Kedua pelaku yang diamankan masing-masing berinisial NRM (55) dan DP. NRM diduga berperan sebagai penebang pohon di dalam kawasan hutan lindung, sedangkan DP bertugas mengangkut hasil tebangan menggunakan kendaraan angkut. NRM diketahui pernah terlibat dalam kasus serupa dan sebelumnya telah mendapatkan peringatan dari petugas.
Berdasarkan hasil penyelidikan, aksi pembalakan liar tersebut terungkap pada 21 Mei 2026 sekitar pukul 07.00 WIB. NRM memasuki kawasan hutan dengan membawa berbagai peralatan penebangan, termasuk mesin chainsaw, bahan bakar, tali tambang, dan perlengkapan pendukung lainnya. Setelah menebang sekitar 30 batang pohon dari jenis kayu rimba campuran, hasil tebangan kemudian dimuat ke dalam mobil Mitsubishi L300 yang dikemudikan oleh DP.
Petugas yang telah melakukan pemantauan langsung bergerak ke lokasi dan menghentikan aktivitas pengangkutan kayu ilegal tersebut.

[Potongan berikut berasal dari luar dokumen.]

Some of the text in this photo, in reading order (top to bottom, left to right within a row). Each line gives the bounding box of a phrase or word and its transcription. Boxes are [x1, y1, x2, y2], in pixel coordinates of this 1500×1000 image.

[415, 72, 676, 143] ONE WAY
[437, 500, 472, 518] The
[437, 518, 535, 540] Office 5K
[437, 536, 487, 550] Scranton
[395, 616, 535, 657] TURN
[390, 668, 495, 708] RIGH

Dalam operasi itu, petugas mengamankan kedua pelaku beserta barang bukti berupa 62 potong kayu rimba campuran hasil tebangan, satu unit chainsaw, sebilah golok, serta kendaraan yang digunakan untuk mengangkut kayu.

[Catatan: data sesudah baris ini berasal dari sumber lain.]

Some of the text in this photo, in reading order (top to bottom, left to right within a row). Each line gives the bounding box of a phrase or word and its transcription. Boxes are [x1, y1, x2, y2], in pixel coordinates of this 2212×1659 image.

Saat ini kedua tersangka telah ditahan di Rumah Tahanan Kelas I Way Hui untuk menjalani proses hukum lebih lanjut. Sementara seluruh barang bukti diamankan dan akan dititipkan di Rumah Penyimpanan Benda Sitaan Negara (Rupbasan) Bandar Lampung.

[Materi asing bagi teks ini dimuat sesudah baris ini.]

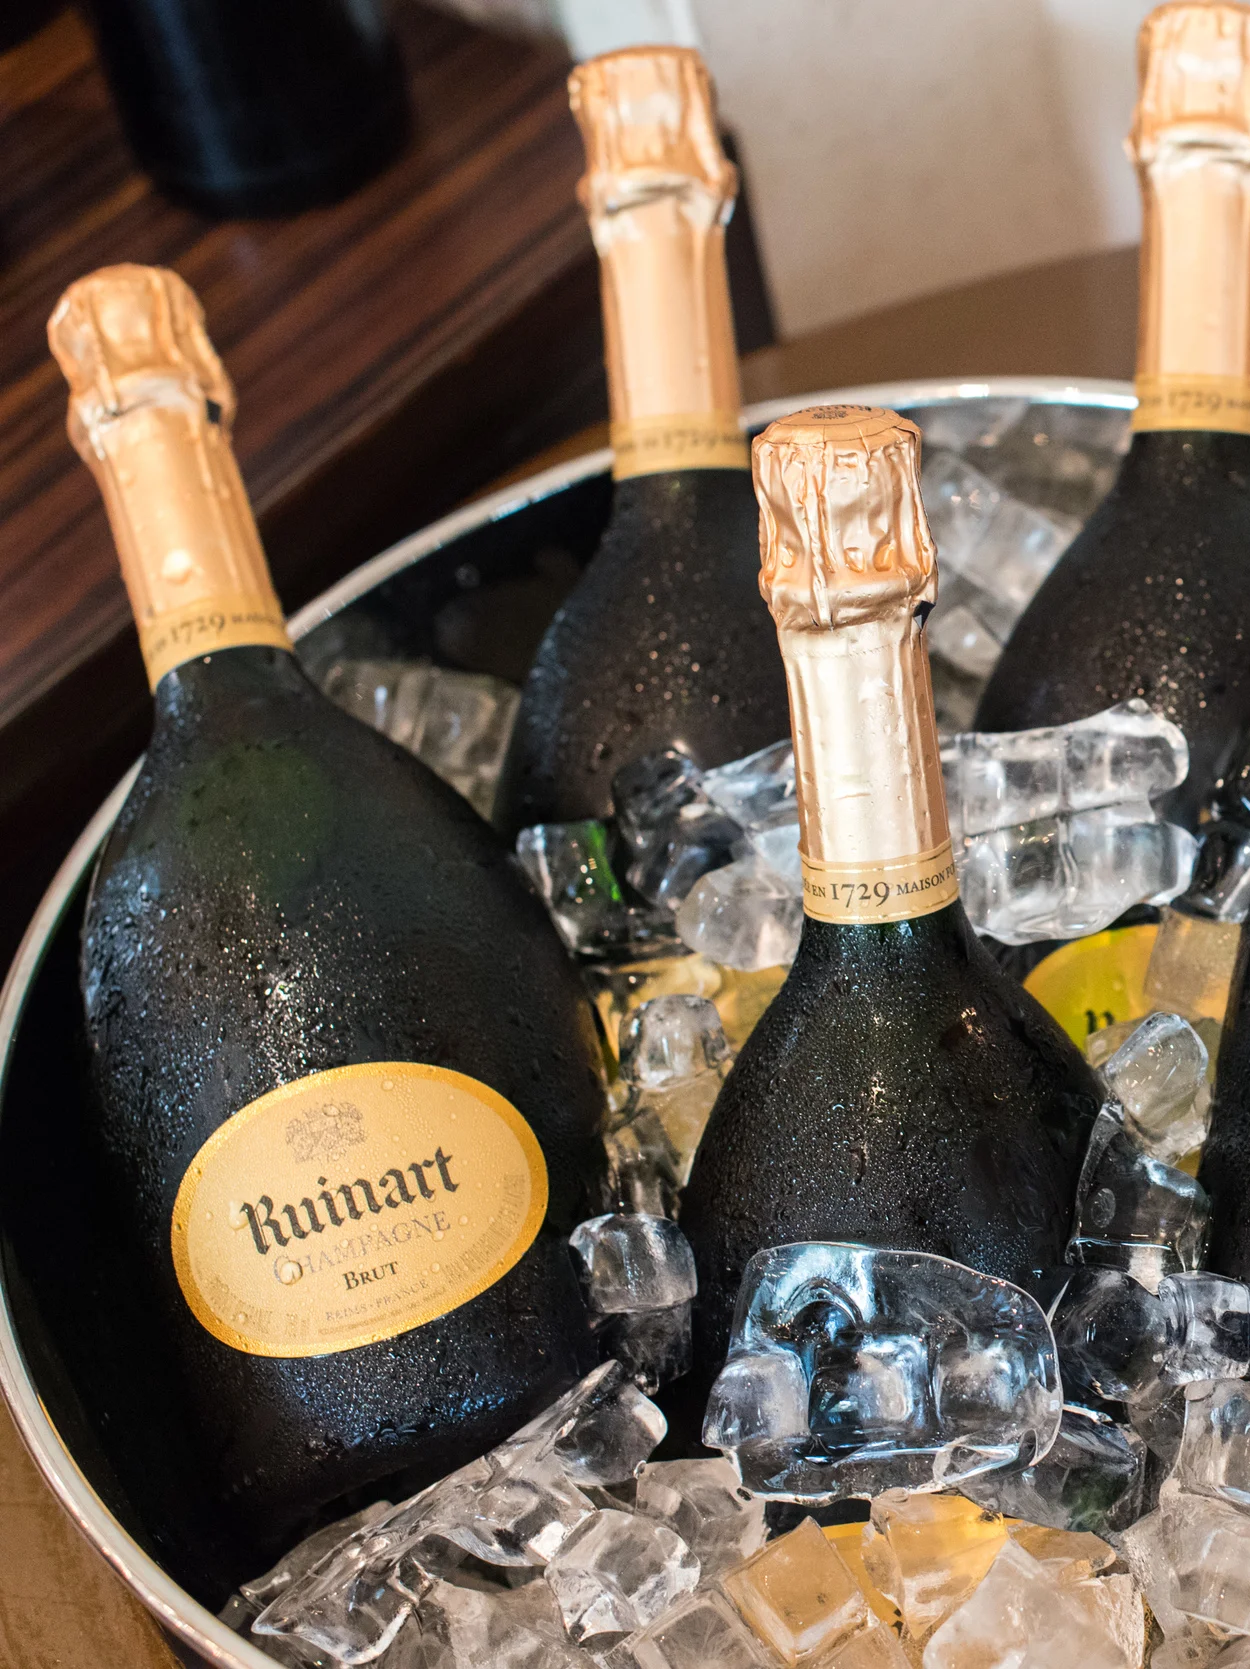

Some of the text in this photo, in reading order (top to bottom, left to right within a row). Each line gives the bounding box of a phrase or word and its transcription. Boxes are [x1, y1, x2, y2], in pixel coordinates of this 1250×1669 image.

[170, 614, 225, 645] 1729
[812, 885, 826, 898] EN
[830, 881, 890, 908] 1729
[897, 870, 945, 896] MAISON
[239, 1146, 460, 1255] Ruinart

Atas perbuatannya, para tersangka dijerat dengan ketentuan dalam Undang-Undang Nomor 18 Tahun 2013 tentang Pencegahan dan Pemberantasan Perusakan Hutan sebagaimana telah diubah melalui Undang-Undang Nomor 6 Tahun 2023 tentang Cipta Kerja. Mereka terancam hukuman penjara maksimal lima tahun dan denda hingga Rp2,5 miliar.
Kepala Balai Gakkum Kehutanan Wilayah Sumatera, Hari Novianto, menegaskan bahwa penindakan ini merupakan bentuk komitmen pemerintah dalam menjaga kawasan hutan lindung dari praktik pembalakan ilegal.
“Kami berharap penegakan hukum ini memberikan efek jera yang kuat bagi pelaku-pelaku lain di seantero Lampung. Jangan lagi ada pihak yang menjadikan dalih ekonomi sebagai pembenaran untuk melakukan pengrusakan lingkungan, sementara mereka mengabaikan aspek ekologi dan kelestarian hutan yang menyangkut hajat hidup orang banyak,” ujar Hari.
Ia menambahkan, Gakkum Kehutanan bersama instansi terkait akan terus meningkatkan patroli, pengawasan, dan penegakan hukum untuk mencegah aktivitas ilegal yang dapat mempercepat degradasi hutan serta menimbulkan kerugian bagi negara dan masyarakat.